(Images for object localization)
+++++
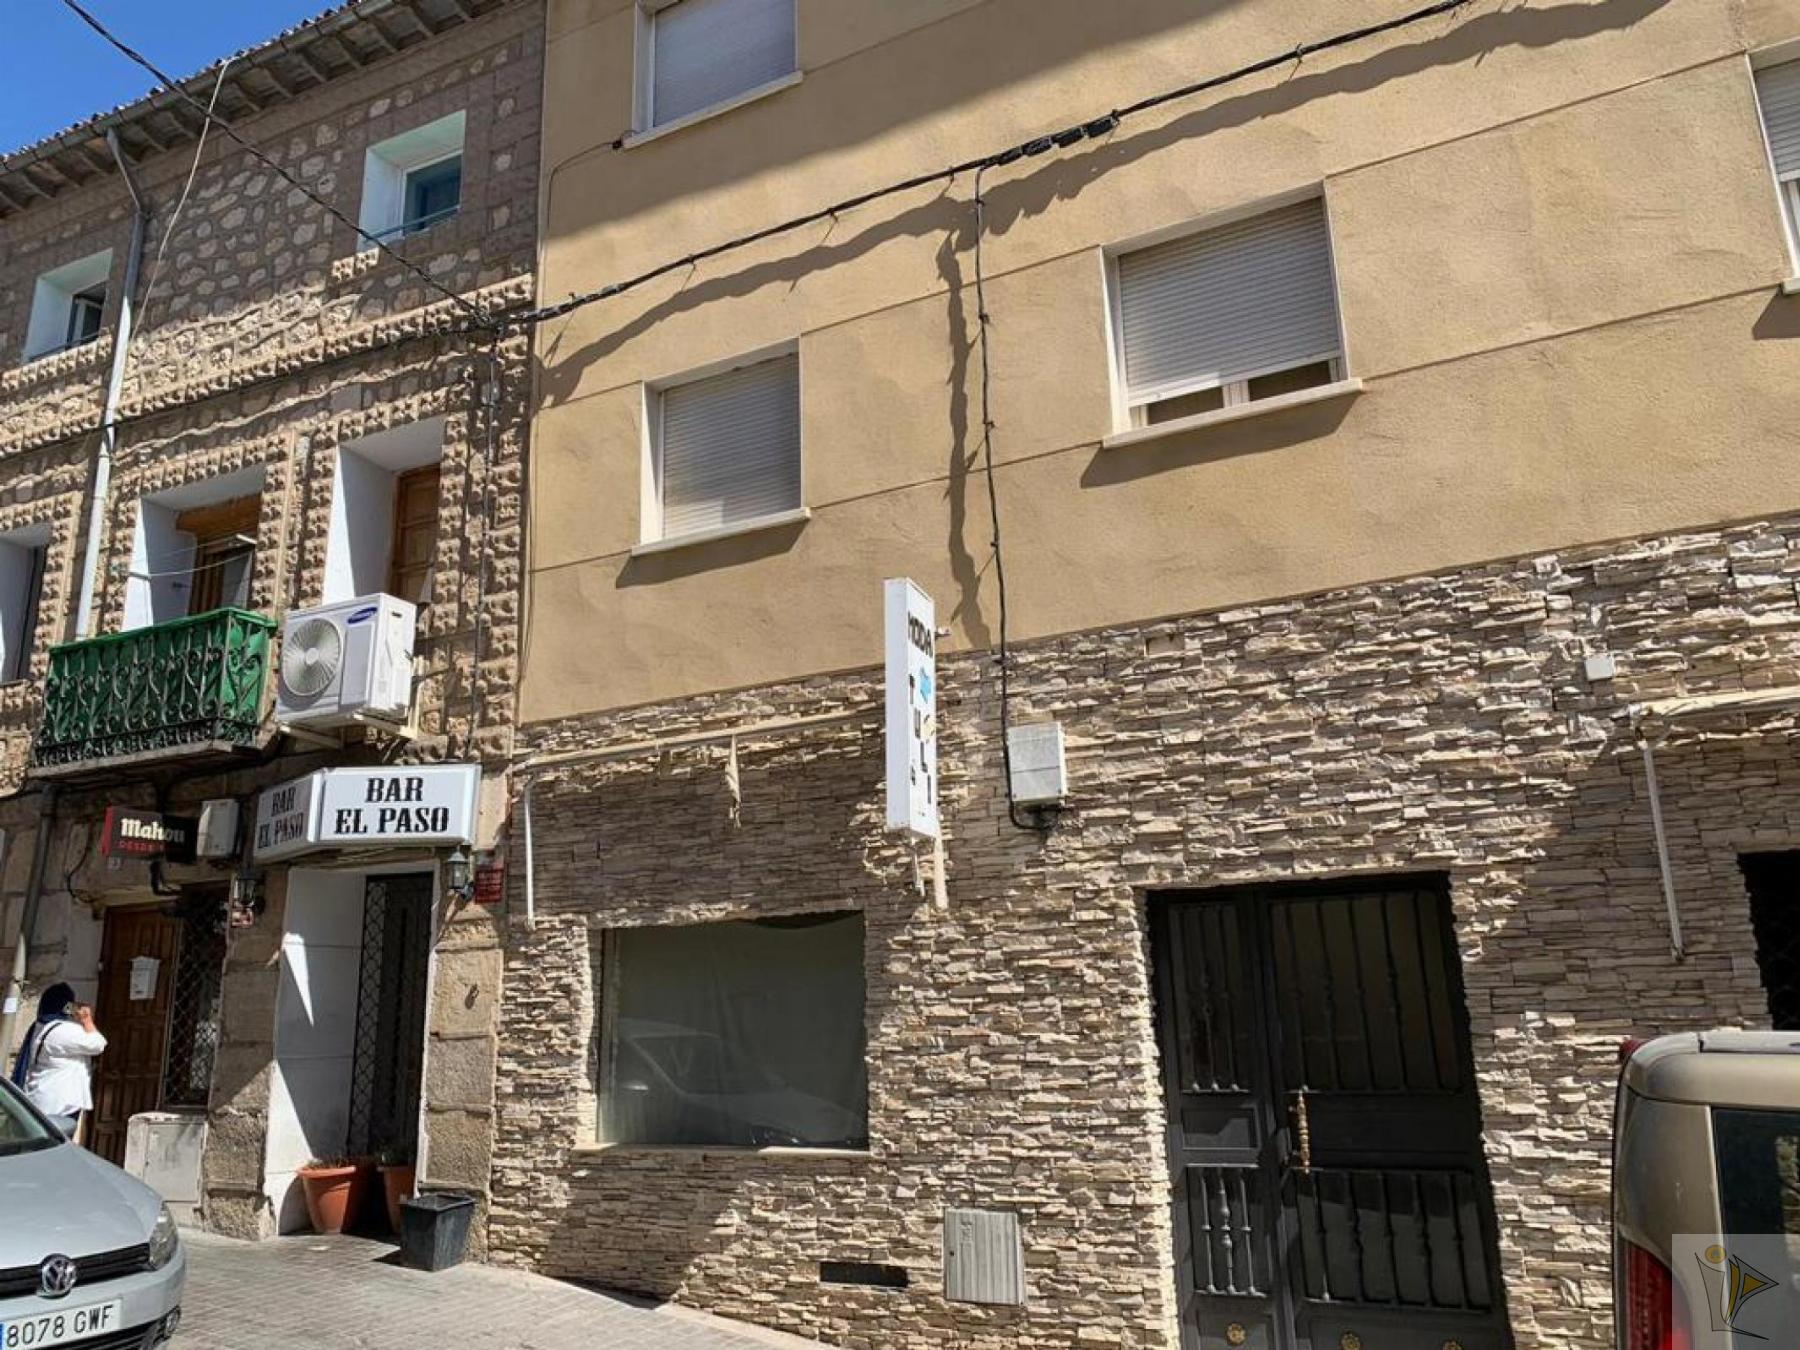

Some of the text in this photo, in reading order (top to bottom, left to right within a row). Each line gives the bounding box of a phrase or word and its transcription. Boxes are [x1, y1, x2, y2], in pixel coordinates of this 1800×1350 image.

[271, 786, 297, 817] BAR
[366, 776, 423, 802] BAR
[120, 818, 185, 843] Mahou
[257, 812, 304, 849] EL PASO
[335, 806, 449, 834] EL PASO
[6, 1303, 114, 1348] 8078 GWF
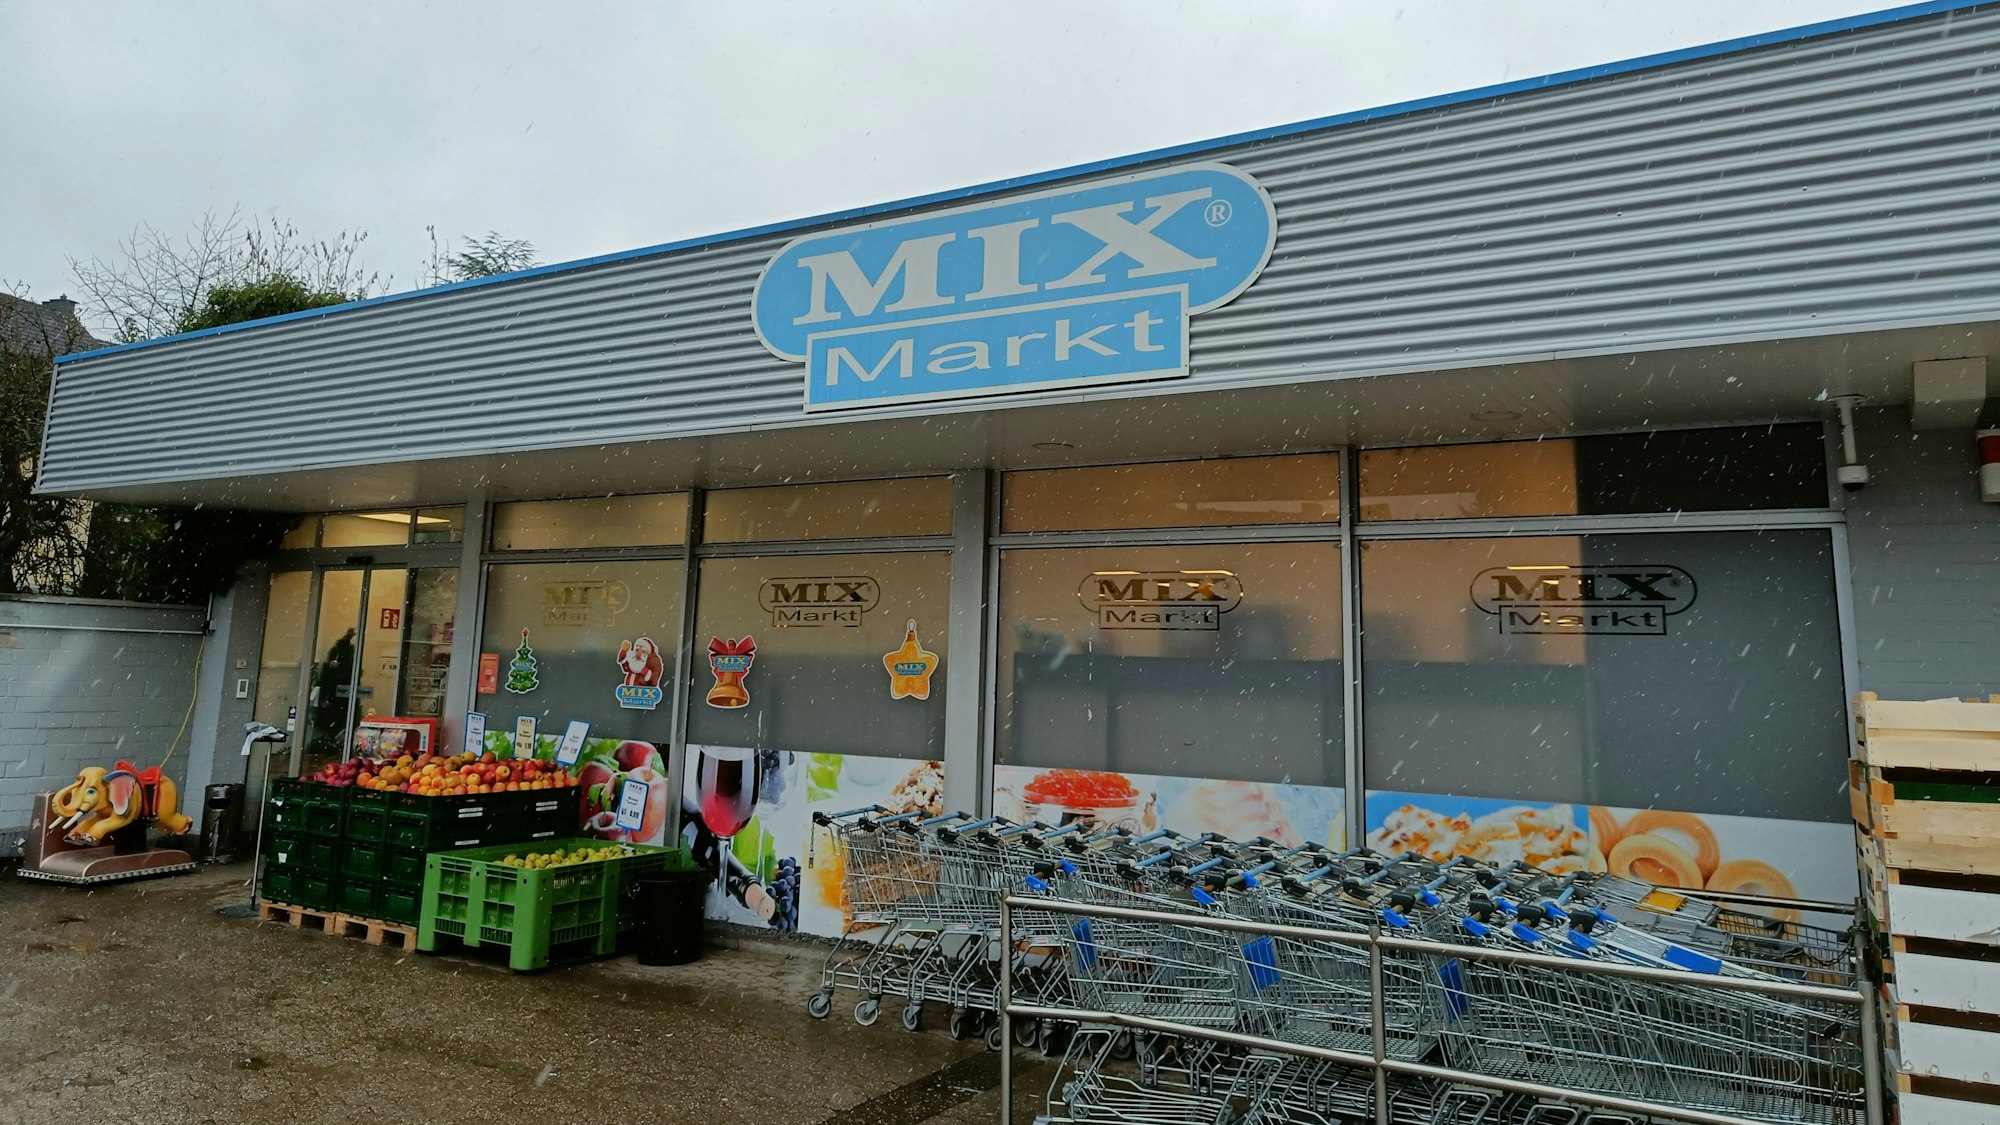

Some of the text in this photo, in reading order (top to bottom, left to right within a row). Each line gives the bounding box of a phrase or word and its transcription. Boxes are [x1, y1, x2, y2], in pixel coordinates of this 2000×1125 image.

[825, 309, 1166, 386] Markt
[769, 582, 869, 603] MIX
[1094, 578, 1228, 602] MIX
[1491, 573, 1676, 601] MIX
[777, 609, 858, 622] Markt
[1106, 610, 1215, 624] Markt
[1509, 611, 1657, 627] Markt
[715, 656, 749, 666] MIX
[896, 663, 926, 671] MIX
[621, 687, 657, 698] MIX
+++++
Exercise: Do not include images; quote all of the entries above exactly.

Answer to this problem:
Some of the text in this photo, in reading order (top to bottom, left to right within a row). Each line gives the bounding box of a phrase or word and its transcription. Boxes are [x1, y1, x2, y2], in pixel coordinates of this 1800×1350 image.

[271, 786, 297, 817] BAR
[366, 776, 423, 802] BAR
[120, 818, 185, 843] Mahou
[257, 812, 304, 849] EL PASO
[335, 806, 449, 834] EL PASO
[6, 1303, 114, 1348] 8078 GWF

Some of the text in this photo, in reading order (top to bottom, left to right within a row). Each line gives the bounding box of a phrase or word and its transcription. Boxes are [x1, y1, x2, y2], in pixel coordinates of this 2000×1125 image.

[825, 309, 1166, 386] Markt
[769, 582, 869, 603] MIX
[1094, 578, 1228, 602] MIX
[1491, 573, 1676, 601] MIX
[777, 609, 858, 622] Markt
[1106, 610, 1215, 624] Markt
[1509, 611, 1657, 627] Markt
[715, 656, 749, 666] MIX
[896, 663, 926, 671] MIX
[621, 687, 657, 698] MIX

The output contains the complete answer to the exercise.